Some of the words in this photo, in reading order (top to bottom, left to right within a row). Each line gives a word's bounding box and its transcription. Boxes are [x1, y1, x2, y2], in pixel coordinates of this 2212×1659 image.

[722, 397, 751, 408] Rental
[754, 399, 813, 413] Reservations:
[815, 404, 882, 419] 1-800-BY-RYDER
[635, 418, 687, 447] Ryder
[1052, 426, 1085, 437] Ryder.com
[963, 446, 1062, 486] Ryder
* * *
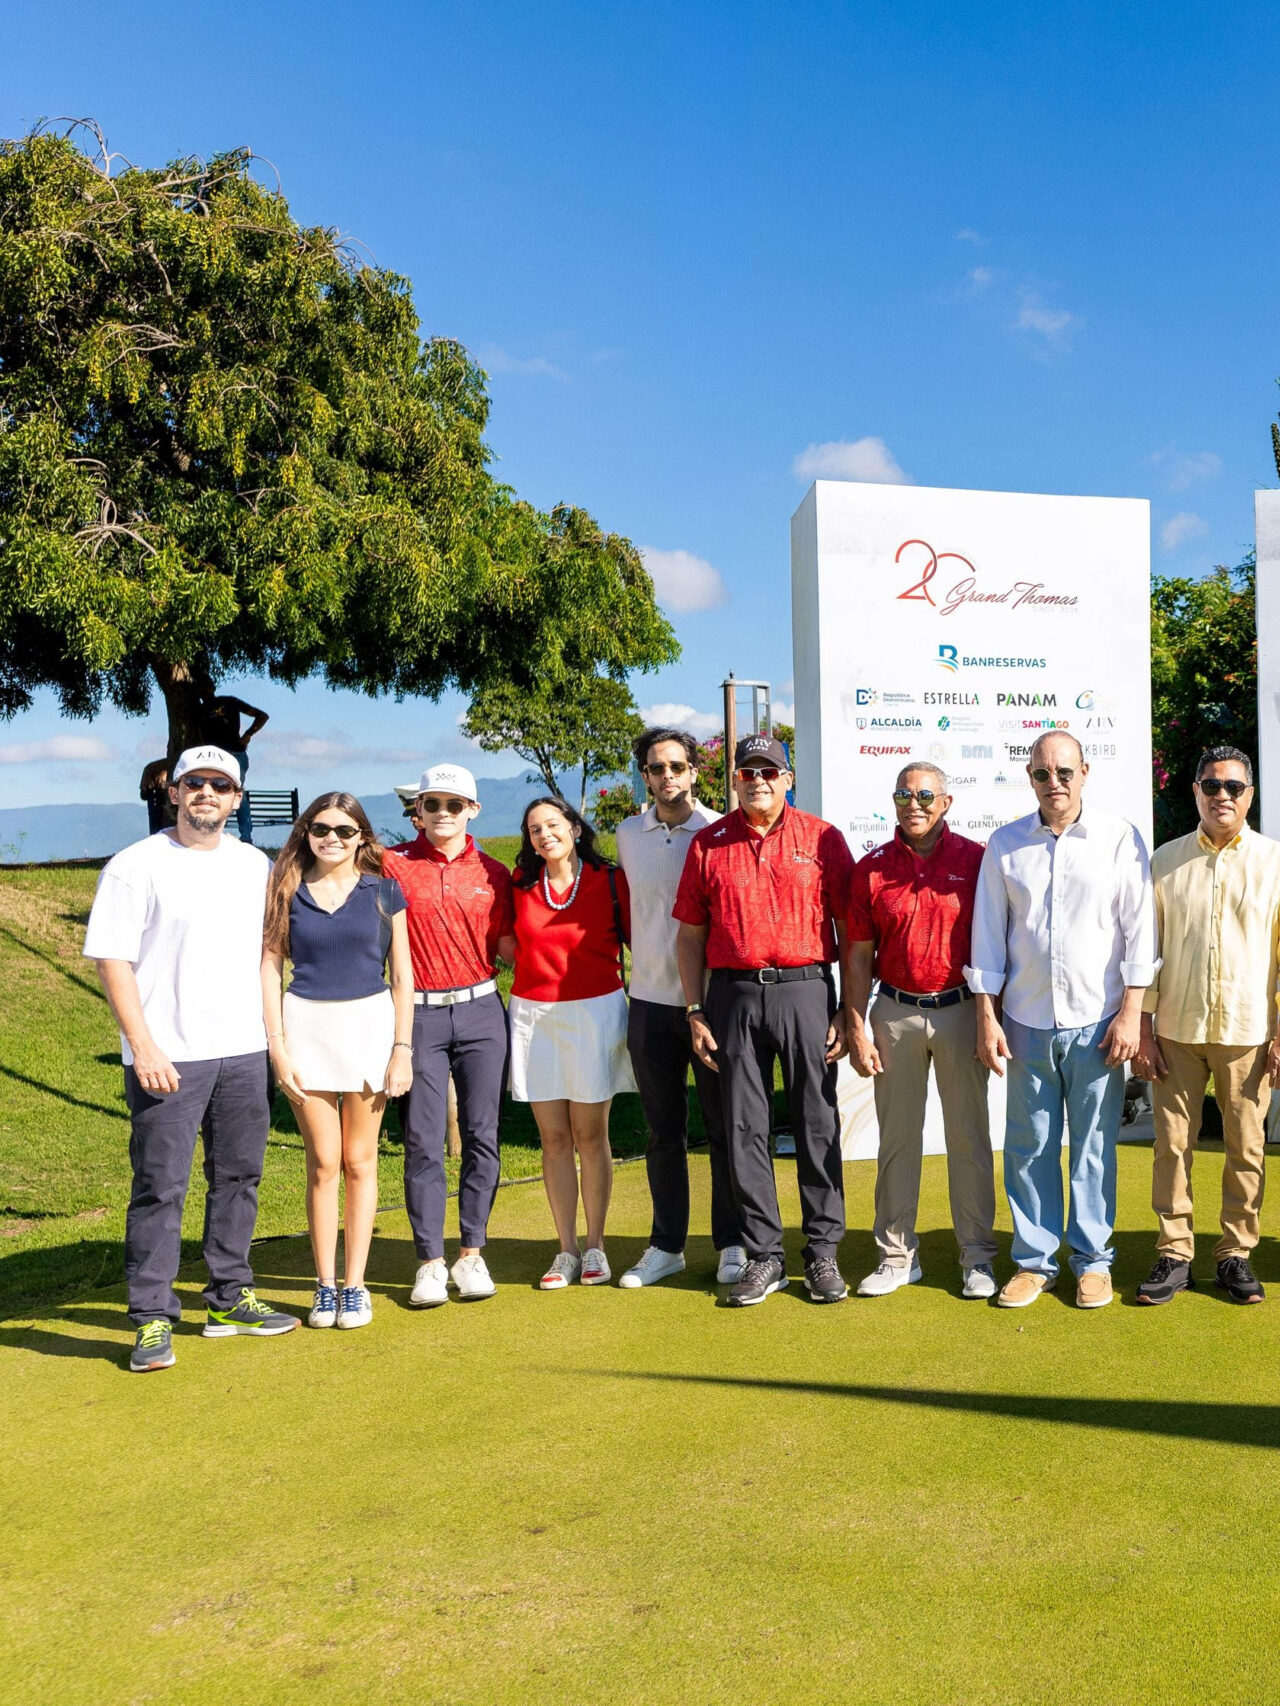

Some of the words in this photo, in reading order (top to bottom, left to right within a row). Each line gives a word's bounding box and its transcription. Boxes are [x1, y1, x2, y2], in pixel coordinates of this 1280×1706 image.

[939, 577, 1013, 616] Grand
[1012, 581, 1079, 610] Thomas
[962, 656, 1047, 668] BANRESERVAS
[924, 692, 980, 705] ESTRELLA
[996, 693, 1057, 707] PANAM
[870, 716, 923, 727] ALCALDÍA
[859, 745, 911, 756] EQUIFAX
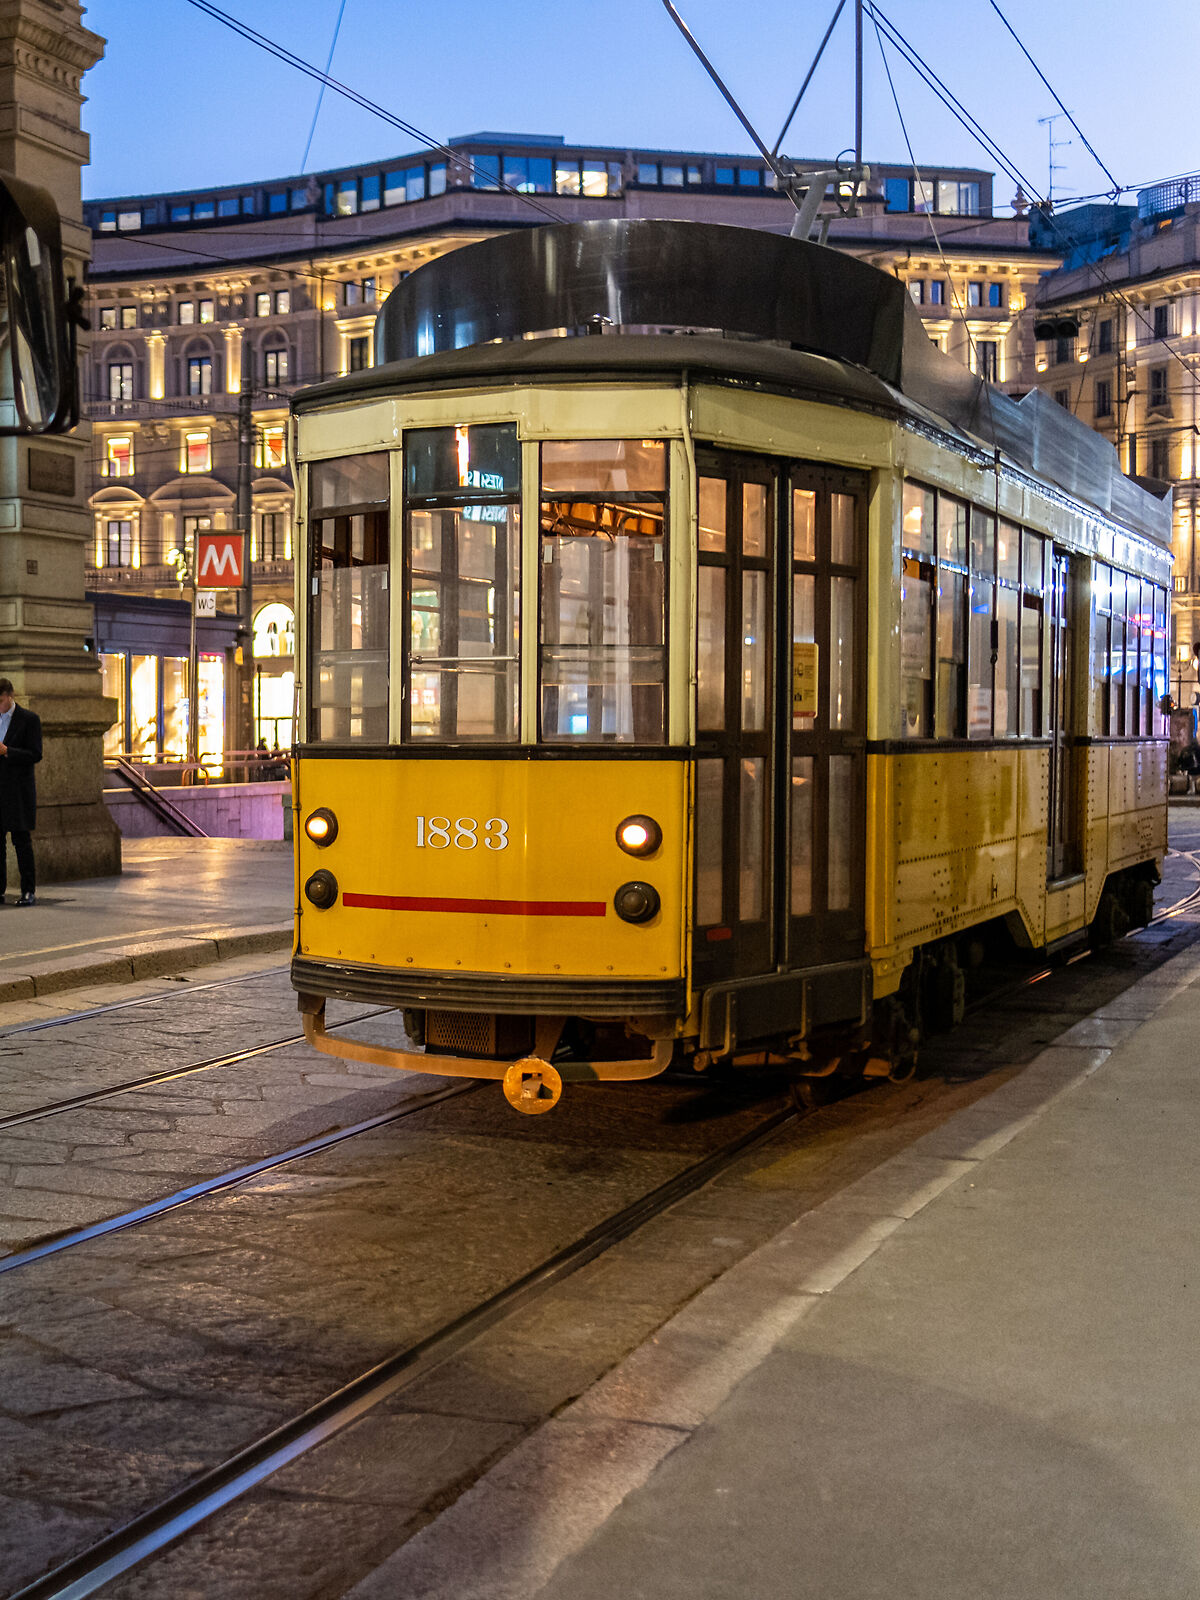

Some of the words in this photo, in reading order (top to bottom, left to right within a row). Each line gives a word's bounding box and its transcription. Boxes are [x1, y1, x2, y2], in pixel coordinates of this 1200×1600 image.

_WHAT YOU WILL DO_: Your answer must be the exact lines from the records above, from the one containing "this 1280×1706 image." through the one containing "this 1200×1600 image.", both included, with every picture left out.

_EXERCISE RESULT_:
Some of the words in this photo, in reading order (top to bottom, left to right within a row). Each line gives a word's bounding box and its transcription. Boxes are [x1, y1, x2, y2], in pixel coordinates of this 1280×1706 image.

[939, 577, 1013, 616] Grand
[1012, 581, 1079, 610] Thomas
[962, 656, 1047, 668] BANRESERVAS
[924, 692, 980, 705] ESTRELLA
[996, 693, 1057, 707] PANAM
[870, 716, 923, 727] ALCALDÍA
[859, 745, 911, 756] EQUIFAX

Some of the words in this photo, in reading order (top to bottom, left to right within a row). Each line gives a word's bounding box and its transcription. Boxes are [x1, y1, x2, y2], in pixel coordinates of this 1200×1600 image.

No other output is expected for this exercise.